Nicky Chambers (19 Feb 2024)

Nicky Chambers was one of those characters people never forgot. She oozed positivity and made an impact on the lives and careers of so many, inspiring top level environmental entrepreneurs worldwide and spreading the love of nature, people and planet here in Eynsham. This photo was taken on 3 June 2023.

Locals often didn’t know that as a charismatic leader, she operated at a high level in numerous environmental agencies and start-up businesses; she co-founded one of Europe’s leading sustainability consultancies, Best Foot Forward, known for pioneering work in rigorous, evidence-based carbon and ecological foot printing back in 1996. 

Nicky had an enormous talent for friendship earning her a network that spanned the world and resulting in some remarkable invitations and adventures. Starting with a Project Trust trip to Kenya as a teenager, through a year of global travel after graduation, cycling the Santiago Camino and a year in Spain, with her then two very young toddlers building a straw bale house in an experiment in living off grid.

A natural entrepreneur, Nicky was always looking for new solutions to the huge issues caused by climate change and biodiversity depletion. She was a fierce advocate for other entrepreneurs and lent her time and expertise to many founders, particularly through the University of Oxford and Imperial College London as an entrepreneur mentor and expert.

Nicky was excited by new ideas and saw the start-up world as a powerful vehicle to effect impactful change. She was a Board member for OxFutures Green Fund and Eynsham’s Curiosity Box and an avid investor, bringing her wealth of experience and clarity of vision to help others realise their own sustainability dreams.

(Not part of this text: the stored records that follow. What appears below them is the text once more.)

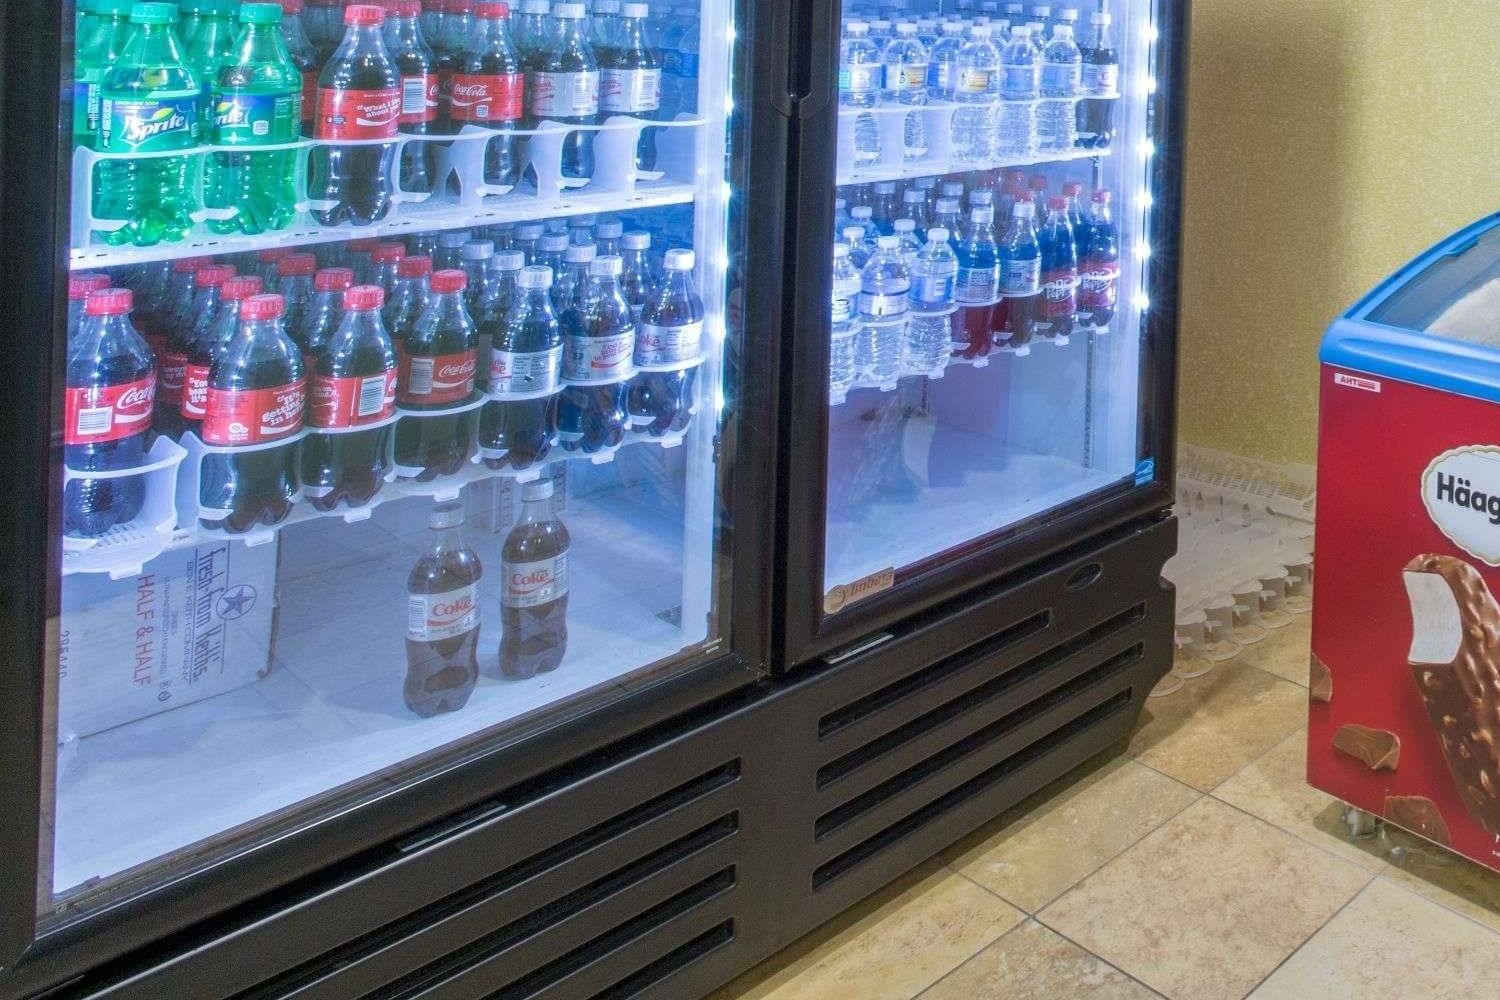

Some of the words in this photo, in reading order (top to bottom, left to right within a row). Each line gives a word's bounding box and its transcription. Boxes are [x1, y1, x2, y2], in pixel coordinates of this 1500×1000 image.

[126, 113, 185, 141] Sprite
[136, 574, 155, 619] HALF
[135, 626, 154, 641] &
[132, 642, 154, 688] HALF
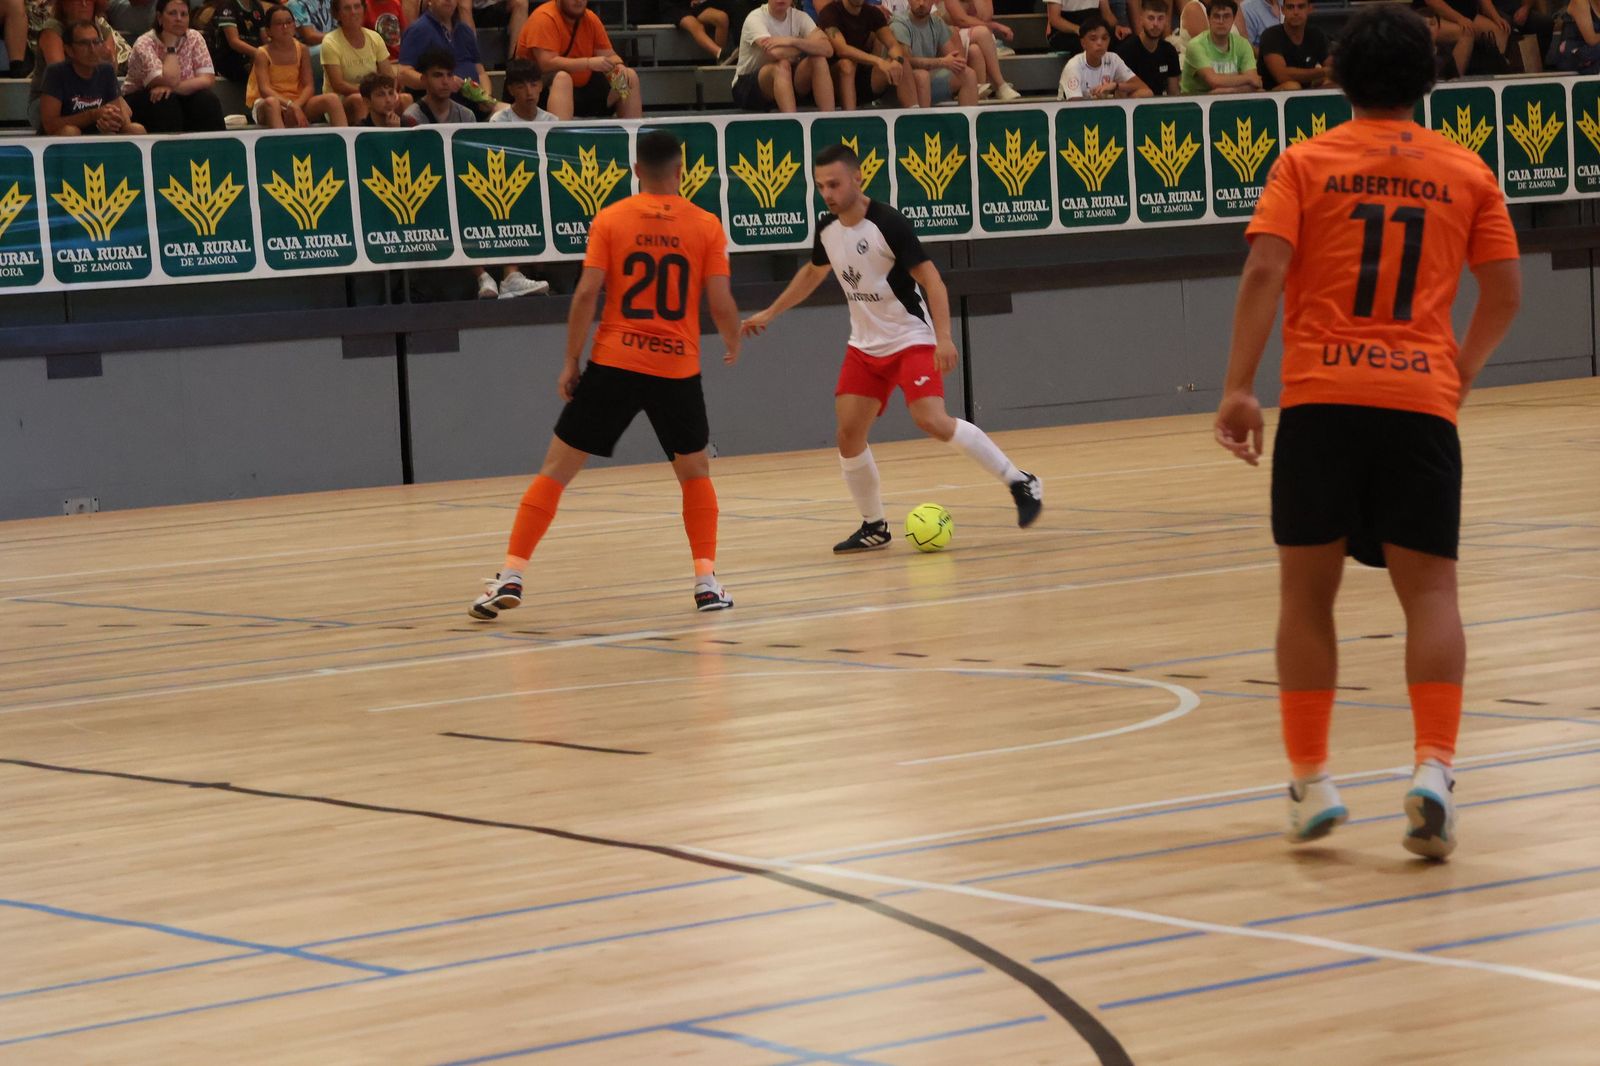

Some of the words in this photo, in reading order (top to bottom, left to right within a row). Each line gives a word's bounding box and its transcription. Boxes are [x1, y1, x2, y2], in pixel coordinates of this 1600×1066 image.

[1507, 168, 1532, 182] CAJA
[1533, 166, 1567, 180] RURAL
[1577, 165, 1600, 177] CAJA
[1517, 182, 1527, 190] DE
[1529, 180, 1556, 189] ZAMORA
[1587, 177, 1597, 185] DE
[1139, 193, 1166, 206] CAJA
[1168, 190, 1204, 203] RURAL
[1215, 187, 1242, 201] CAJA
[1243, 186, 1264, 199] RUR
[982, 201, 1010, 215] CAJA
[1012, 200, 1050, 213] RURAL
[1061, 198, 1089, 211] CAJA
[1091, 195, 1128, 208] RURAL
[1151, 206, 1162, 214] DE
[1163, 204, 1193, 213] ZAMORA
[1227, 201, 1237, 209] DE
[733, 213, 762, 227] CAJA
[764, 211, 805, 226] RURAL
[901, 206, 930, 219] CAJA
[931, 204, 970, 217] RURAL
[994, 215, 1006, 223] DE
[1007, 213, 1038, 223] ZAMORA
[1073, 211, 1084, 219] DE
[1086, 208, 1117, 218] ZAMORA
[555, 221, 588, 236] CAJA
[746, 228, 757, 236] DE
[760, 225, 793, 235] ZAMORA
[914, 220, 925, 228] DE
[926, 218, 959, 227] ZAMORA
[367, 231, 402, 245] CAJA
[403, 228, 449, 243] RURAL
[463, 226, 496, 240] CAJA
[498, 223, 541, 238] RURAL
[164, 242, 200, 257] CAJA
[202, 239, 251, 255] RURAL
[267, 236, 302, 251] CAJA
[304, 233, 352, 249] RURAL
[479, 241, 492, 249] DE
[494, 239, 530, 248] ZAMORA
[569, 236, 582, 245] DE
[636, 234, 680, 248] CHINO
[56, 247, 94, 263] CAJA
[96, 245, 147, 261] RURAL
[283, 252, 297, 260] DE
[300, 249, 339, 259] ZAMORA
[383, 246, 397, 254] DE
[399, 243, 437, 253] ZAMORA
[0, 251, 39, 266] URAL
[180, 257, 195, 267] DE
[197, 255, 238, 266] ZAMORA
[1348, 202, 1426, 322] 11
[73, 264, 88, 273] DE
[91, 261, 133, 272] ZAMORA
[621, 251, 690, 321] 20
[621, 332, 686, 356] uvesa
[1322, 343, 1431, 374] uvesa

Her mission was ‘showing business, government and society how to create a better quality of life without trashing the planet’. She inspired so many in tackling the climate and biodiversity crises.

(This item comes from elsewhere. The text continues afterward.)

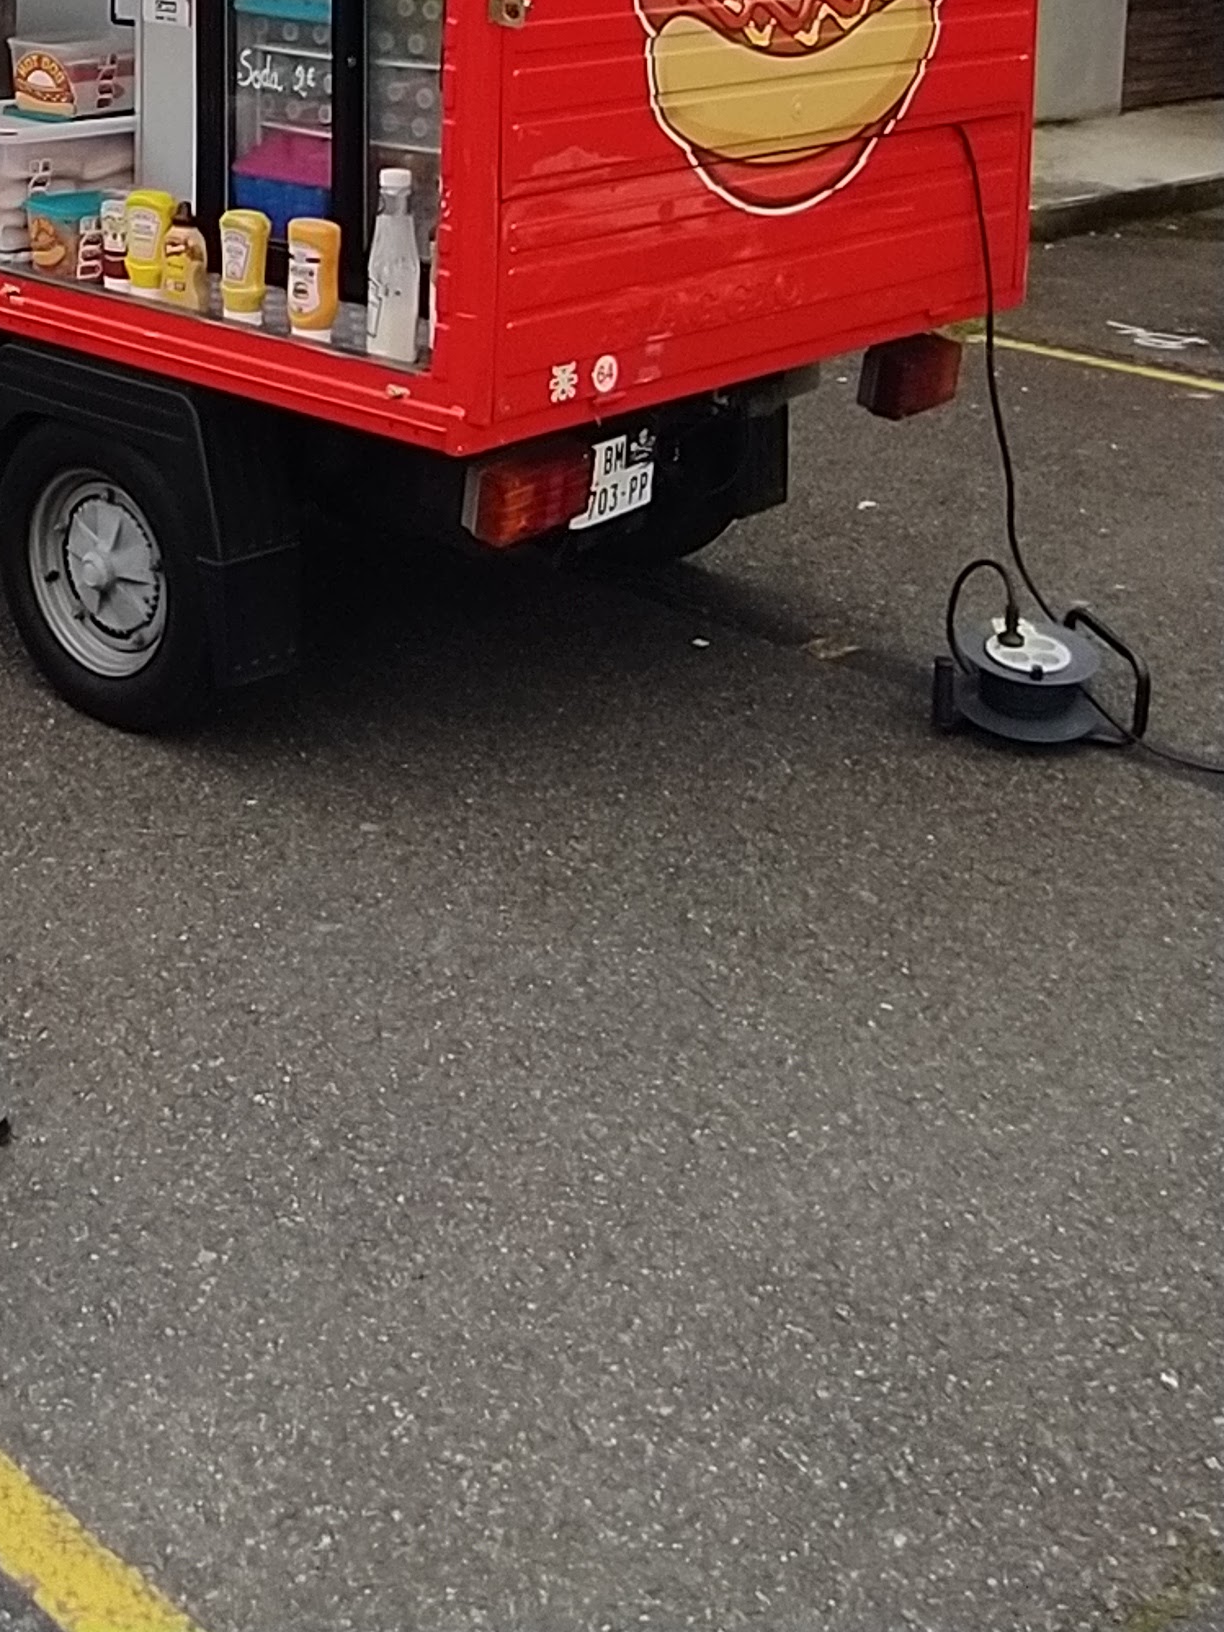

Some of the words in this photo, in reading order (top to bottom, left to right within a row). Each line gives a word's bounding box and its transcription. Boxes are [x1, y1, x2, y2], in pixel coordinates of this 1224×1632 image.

[18, 54, 39, 78] HOT
[40, 56, 65, 84] DOG
[236, 49, 284, 92] Soda
[603, 441, 626, 476] BM

Nicky was committed to her community and was deeply involved in projects first in East Oxford and more recently in Eynsham. Here she encouraged us to campaign for new development to be the best it could be, by sitting lightly on the planet. She said, ‘if you can’t do it in Oxfordshire where can you?’ She instigated the revival of EPIC and used her extensive contacts to put together an ‘inspiration panel’ for GreenTEA to demand the innovative kind of development we need. She was a constant support as we worked through the many years of planning a zero carbon energy system. It was so fitting that the success of the Salt Cross net zero legal action came within hours of her death.

She set up a befriending scheme during the Pandemic and, just as committedly, worked as a ticket-seller at the annual Eynsham Carnival.

One of her lasting local legacies is the wonderful Eynsham Nature Recovery Network which would not be the success it is without Nicky, the brilliant, bold and charismatic mentor.

Catriona Bass writes: Nicky encouraged celebrations at each tiny step forward; she carried our spirits over every setback. Her huge experience navigating the complex, competitive corporate and NGO environmental world helped the NRN succeed in positioning its bottom-up, community-led nature recovery network within it. Her clarity and insistence that what we are all doing is innovative and good is what has kept us going – it inspired and enabled us to achieve so much on the ground in so short a time. You can read NRN’s tribute here.

Nicky carried her expertise lightly, was endlessly encouraging and as Barbara Hammond CEO of the Low Carbon Hub said, ‘she was a total bundle of positive energy and touched so many, many people for good.’ We have lost ‘one of the genuinely cheerful agitators of a better world’. She was always the first to suggest a celebration, to share the joy of a walk, a wild swim, a kayak, the sight of a kingfisher gliding down the Limb Brook, looking at otters on the camera trap, or sharing a glass of wine after collecting wildflower seeds on Long Mead in the mid-summer sunshine.

This positive and joyful attitude never left her and she would often exclaim with a smile ‘how lucky are we? She left us far too soon on 19 February 2024 at the age of only 57.

Nicky leaves a legacy of passion and energy for the protection, promotion and restoration of the natural environment (and her wonderful children Molly and Finn and sister Jenny).